La novela, dividida en “El monstruo” y “Como nadie”, se compone de veinte secuencias con títulos significativos como (Muertos tras esos ojos), (El miedo ajeno) o (Intimidad) y que aparecen entre paréntesis. “El monstruo estaba hecho de miedo” y “Los desesperados besan como nadie” son dos citas de W. L. Gresham y M. Vilas respectivamente que ejercen de telón de fondo y que dan tono al contenido.
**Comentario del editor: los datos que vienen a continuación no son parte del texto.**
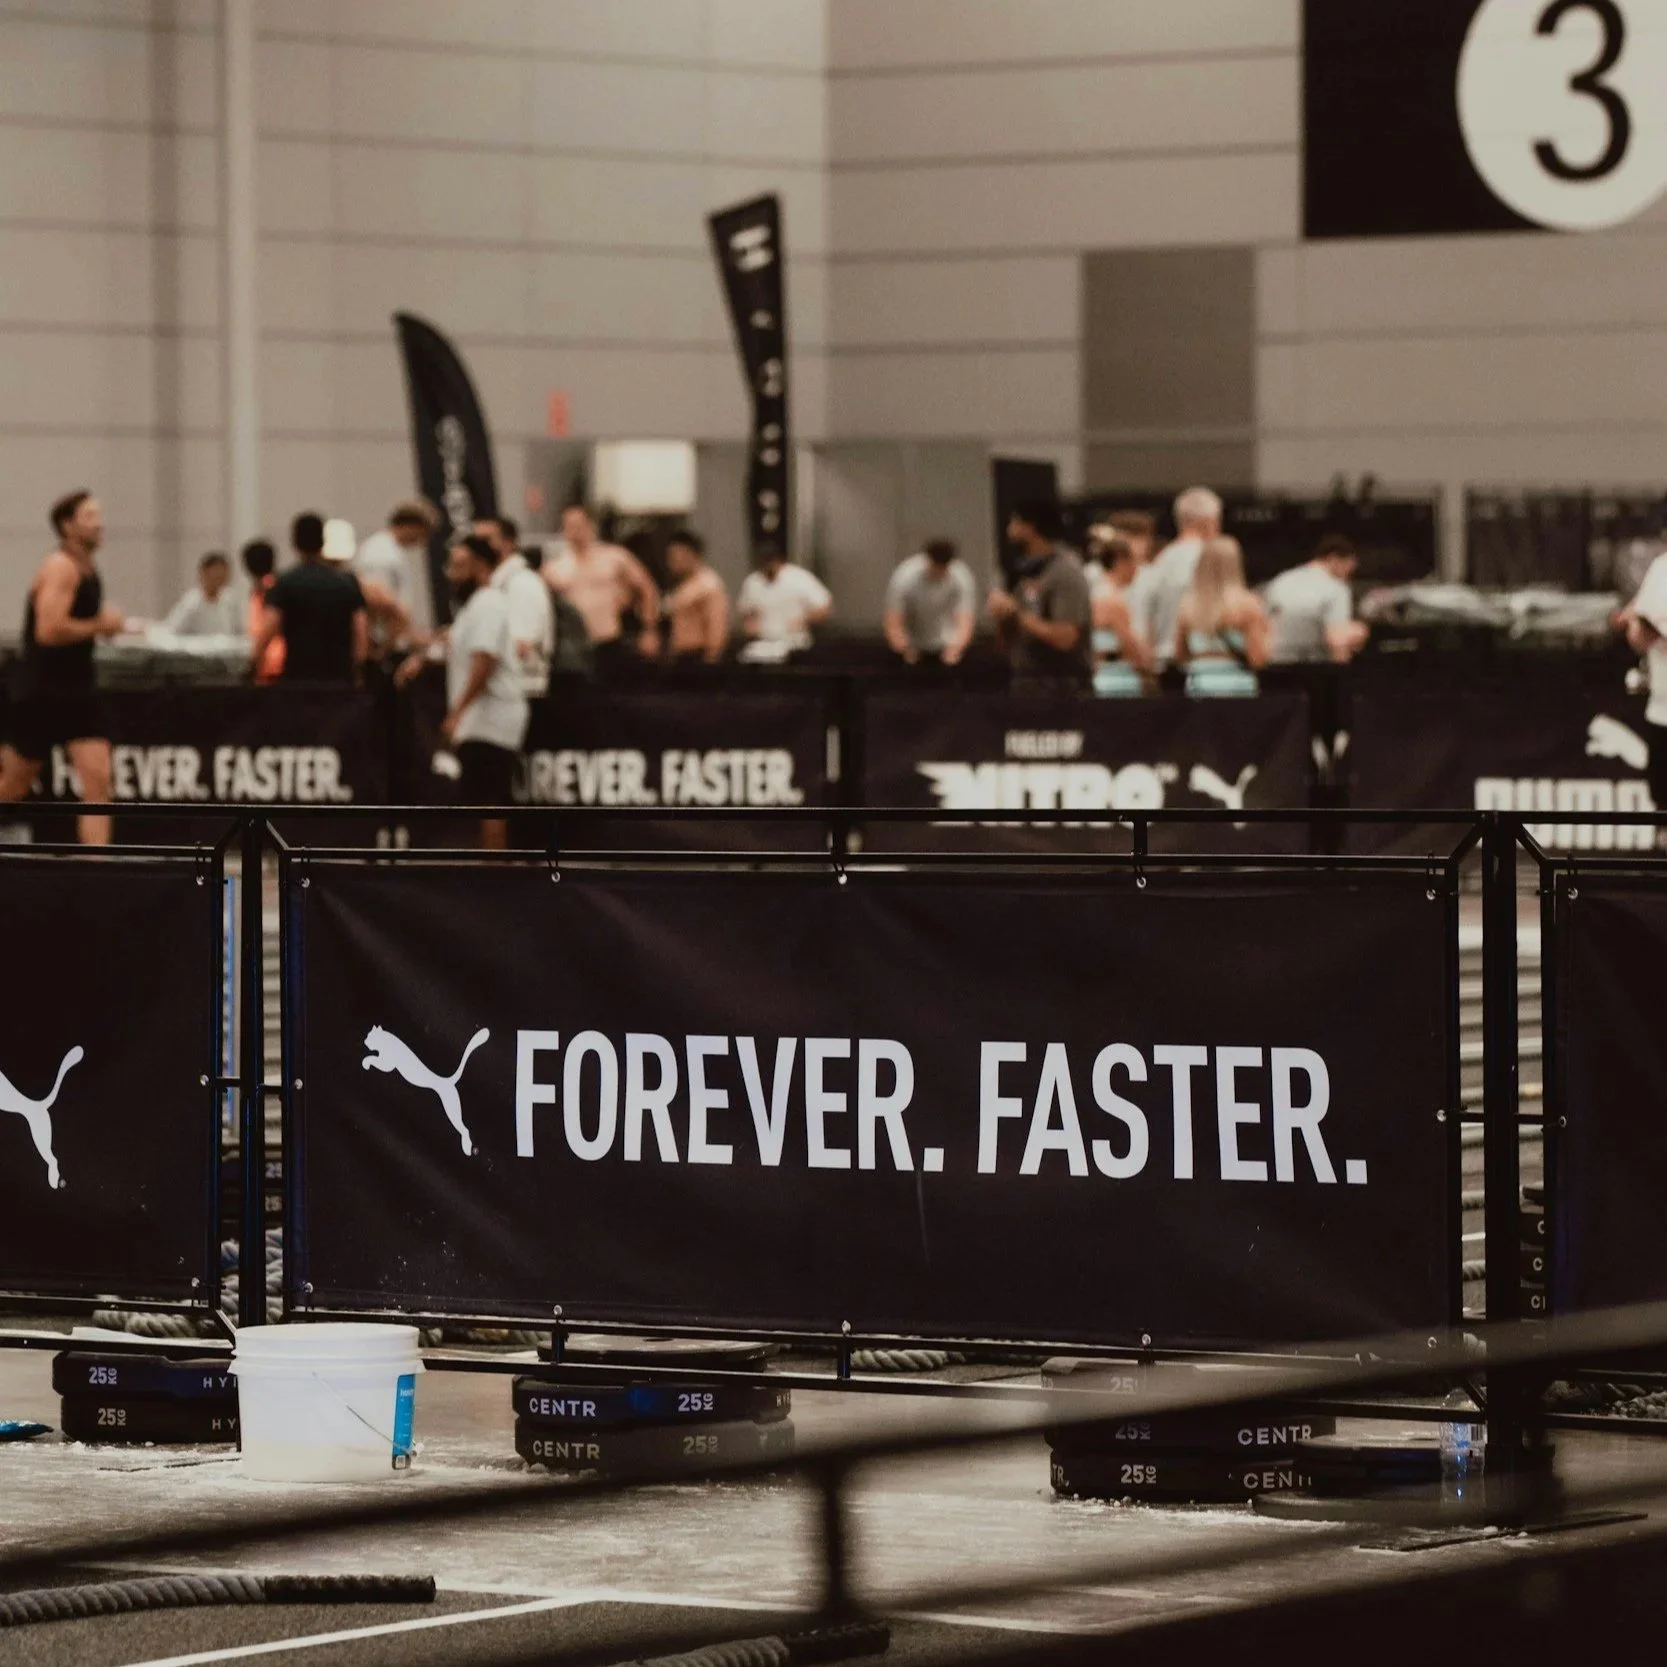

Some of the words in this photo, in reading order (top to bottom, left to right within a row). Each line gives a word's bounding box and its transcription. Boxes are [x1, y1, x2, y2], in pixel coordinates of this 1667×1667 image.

[1533, 0, 1632, 182] 3
[214, 746, 352, 800] FASTER.
[514, 750, 657, 804] REVER.
[661, 750, 804, 805] FASTER.
[515, 1029, 945, 1172] FOREVER.
[977, 1041, 1368, 1185] FASTER.
[529, 1397, 596, 1417] CENTR
[532, 1440, 600, 1460] CENTR
[1237, 1424, 1312, 1445] CENTR
La obra es un recorrido de la desesperación al encuentro del sentido de la vida que al final dará un giro inesperado y muy justo. La soledad, la amargura, la conciencia de ser y el miedo a la locura se consuelan en una calidez artificial que anestesia. Así se abre la novela, profundizando en el sentimiento de a quien nadie le espera, el dolor de la separación como pura angustia de un amor que no volverá al tiempo y que se constituye en un canto de profundo anhelo: “No existe amor que no sea llanto, ni tiempo sin vacío ni piel sin desgarro”.
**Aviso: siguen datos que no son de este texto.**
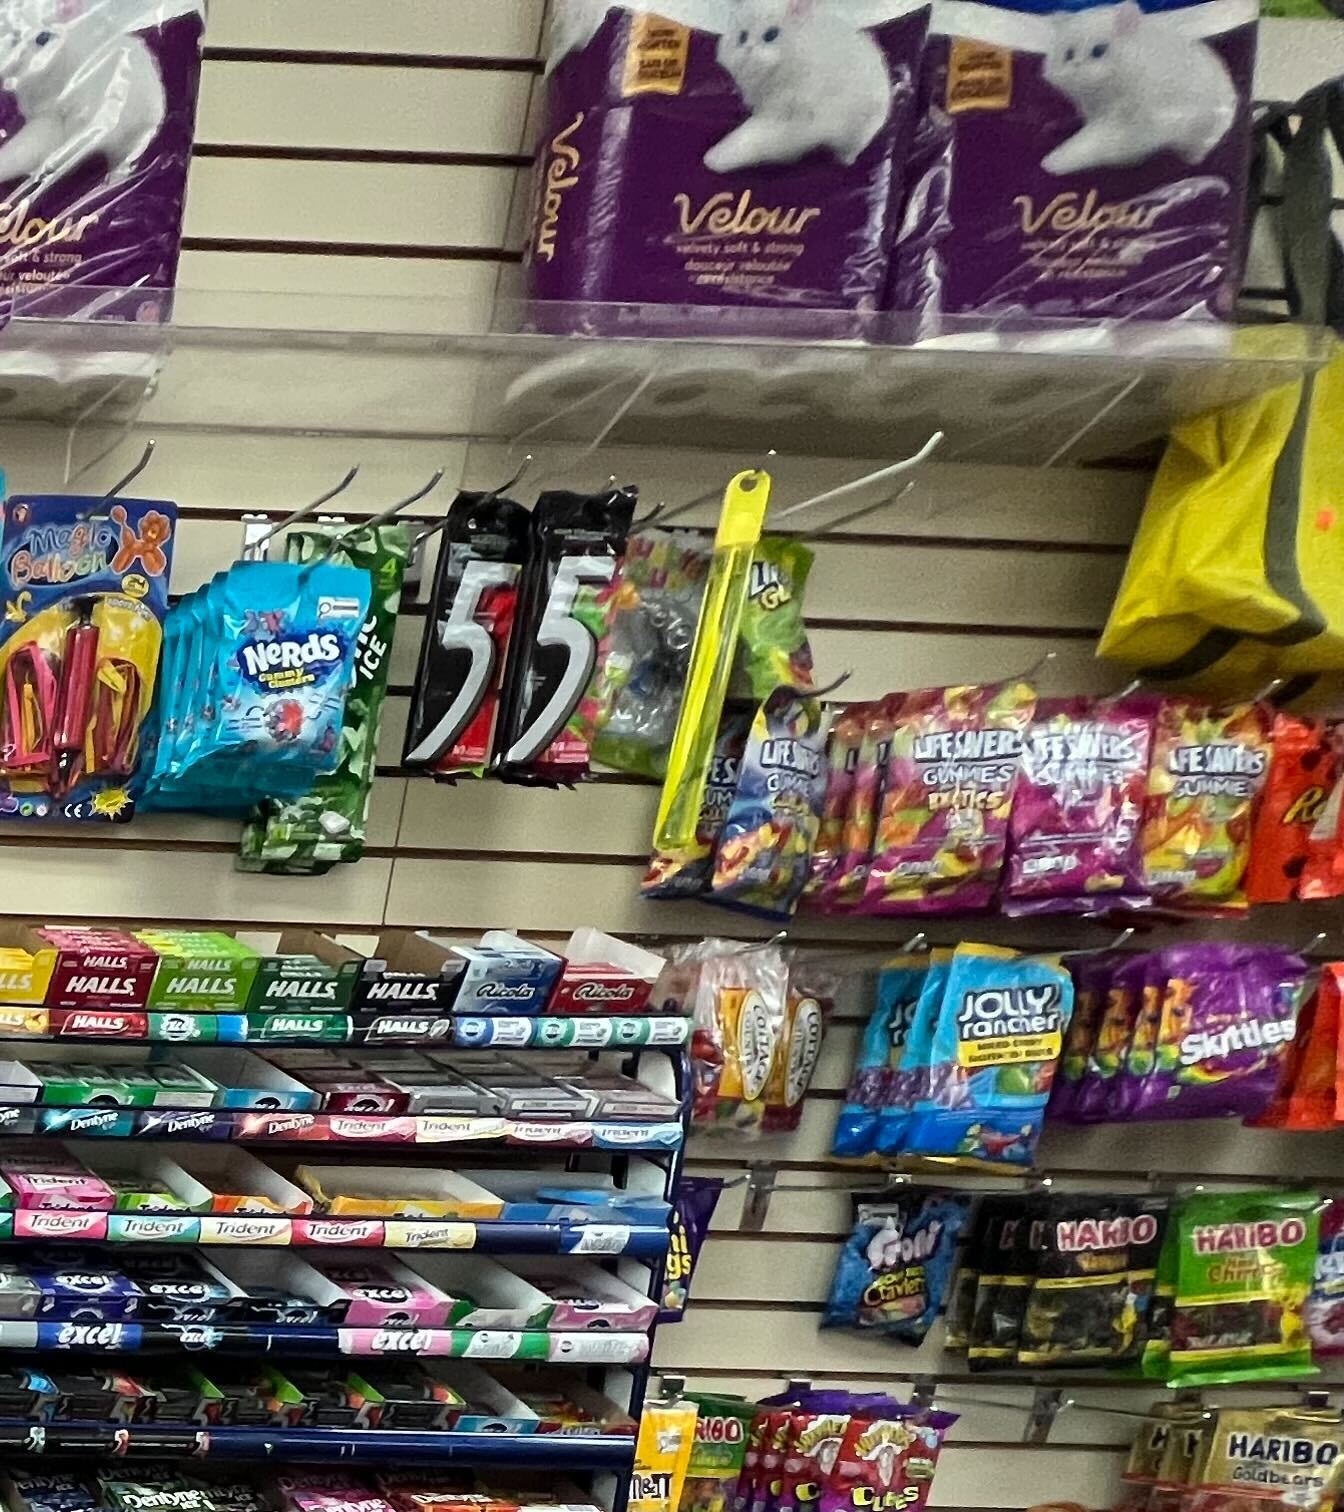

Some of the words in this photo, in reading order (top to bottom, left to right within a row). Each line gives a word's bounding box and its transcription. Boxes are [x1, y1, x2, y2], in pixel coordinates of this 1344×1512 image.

[674, 191, 822, 236] Velour
[359, 637, 387, 681] ICE
[406, 560, 522, 762] 5
[509, 555, 614, 762] 5
[65, 975, 135, 996] HALLS
[367, 982, 439, 1001] HALLS
[572, 982, 633, 1002] Ricola
[958, 984, 1059, 1020] JOLLY
[71, 1015, 124, 1031] HALLS
[961, 1014, 1060, 1039] rancher
[1181, 1018, 1296, 1066] Skittles
[70, 1111, 119, 1131] Dentyne
[124, 1220, 185, 1233] Trident
[215, 1221, 276, 1236] Trident
[309, 1222, 369, 1237] Trident
[1194, 1217, 1306, 1255] HARIBO
[694, 1416, 744, 1444] RIBO
[1229, 1433, 1339, 1465] HARIBO
[1233, 1466, 1324, 1488] Goldbears
La amistad con Jacobo y la empatía que siente por él comienzan a dar luz al relato. Es placentero compartir whisky, lecturas, tabaco y buenas conversaciones y no sentirse solo en la fría noche. Pero el narrador debe seguir buscando: sale a pasear y contempla la ciudad y ve a unos chinos trabajadores, unas señoras que se arreglan, unos abuelos en el parque, ve a esos hombres humildes que aparentemente tienen un sentido de vida y ve que “en la cantidad de mundos que caben en el mundo todo es nada o está abocado a la nada”. Poco después, el protagonista recibe la noticia de que su amigo ha sido brutalmente asesinado, sus miedos cobran sentido. La escena del tanatorio está marcada por la superficialidad y el convencionalismo, porque “la muerte, como casi todo es cosa de vivos”.
La soledad da paso a la valoración de la amistad, la empatía con el semejante y el consuelo de la comprensión. Cuando falta el compañero comienza una revisión profunda de la identidad, llega el recuerdo de vivencias de la infancia, el amor y la muerte, “final que ilumina la nada que envuelve al ser humano”. Un reencuentro con la madre y el significado de los cuentos que ella contaba le llevan a la determinación de investigar el caso de Jacobo. Entonces se inicia la segunda parte, el hallazgo de una mujer y la reflexión sobre el amor que es “estar perdido, desesperado en el instante del delirio” y olvidando las promesas, es un sobrevivirse a sí mismo a partir de lo ajeno.
Roto el corazón, el amor se desborda y ya que para odiar se precisa fuerza la resignación es un denominador común… pero aún quedan cosas por resolver en la vida de este melancólico narrador.